Fort Casey was named for Brigadier General Thomas Lincoln Casey, U.S. Army Chief of Engineers. Designed as part of the massive modernization program of U.S. seacoast fortifications initiated by the Endicott Board, construction on Fort Casey began in 1897. In 1901, the big guns on disappearing carriages, which could be raised out of their protective emplacements so that the guns were exposed only long enough to fire, became active. However, the fort's batteries became obsolete almost as soon as their construction was completed.

The invention of the airplane in 1903, and the subsequent development of military aircraft made the fort vulnerable to air attack. In addition, the development of battleships designed with increasingly accurate weaponry transformed the static strategies of the nineteenth century into the more mobile attack systems of the twentieth century.

Most of Fort Casey's guns and mortars were removed during World War I, when they were mounted on railcars to serve as mobile heavy artillery. Some of these weapons were returned to the fort after the war, and were scrapped during World War II as 16-inch guns and other weapons at other forts superseded them.

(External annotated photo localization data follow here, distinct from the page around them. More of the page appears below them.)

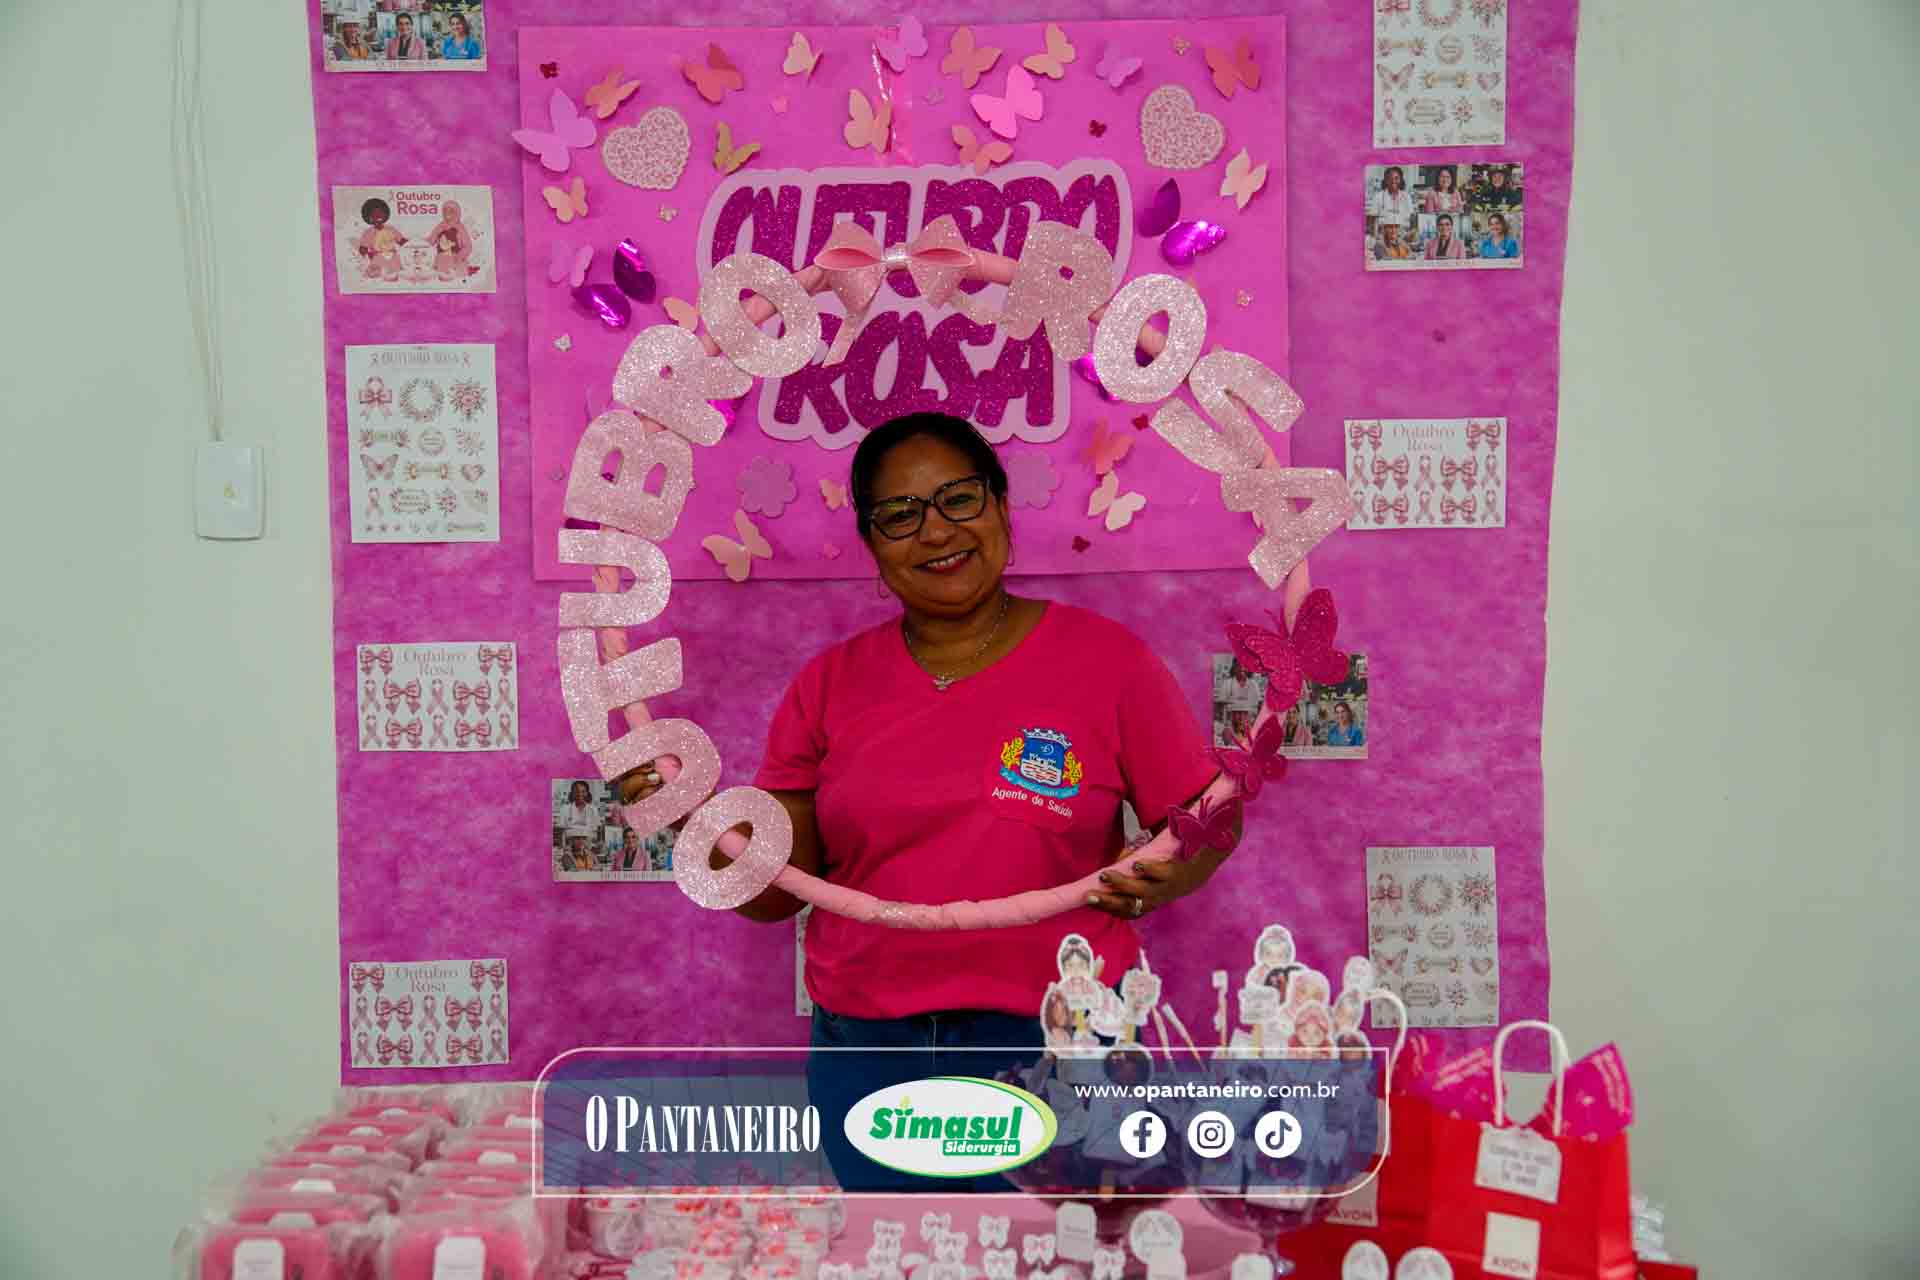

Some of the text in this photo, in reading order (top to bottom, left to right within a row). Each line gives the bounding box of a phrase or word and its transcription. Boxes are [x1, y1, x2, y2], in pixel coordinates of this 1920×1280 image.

[396, 191, 441, 201] Outubro
[397, 201, 438, 215] Rosa
[1005, 220, 1355, 590] ROSA
[992, 787, 1028, 801] Agente
[1032, 794, 1044, 807] de
[1048, 799, 1073, 818] Saúde

The two 10-inch guns on disappearing carriages currently mounted at Fort Casey were transferred from the Philippines in the 1960s, along with two three-inch guns. The 10-inch guns are M1895MI (No. 26 and No. 28 Watervliet) on disappearing carriages M1901 (No. 13 and No. 15 Watertown) at Battery Worth, Fort Casey (originally at Battery Warwick, Fort Wint, Grande Island, Philippines). The three-inch guns are M1903 (No. 11 and No. 12) on barbette carriages M1903 (No. 6 and No. 7) at Battery Trevor, Fort Casey (originally at Battery Flake, Fort Wint).

==Park features==
Fort Casey is a 999 acre marine camping park. The Admiralty Head Lighthouse is located within the state park. Three miles of the Pacific Northwest National Scenic Trail wrap around the park.

==See also==
- 14th Coast Artillery (United States)

==Notes==

===References===
- Harris, Alfred W., Comment and Discussion, United States Naval Institute Proceedings, November 1968
- Powers, William M., PHC USN, Comment and Discussion, United States Naval Institute Proceedings, June 1968
- Berhow, Mark A. (2004). "American Seacoast Defenses, A Reference Guide"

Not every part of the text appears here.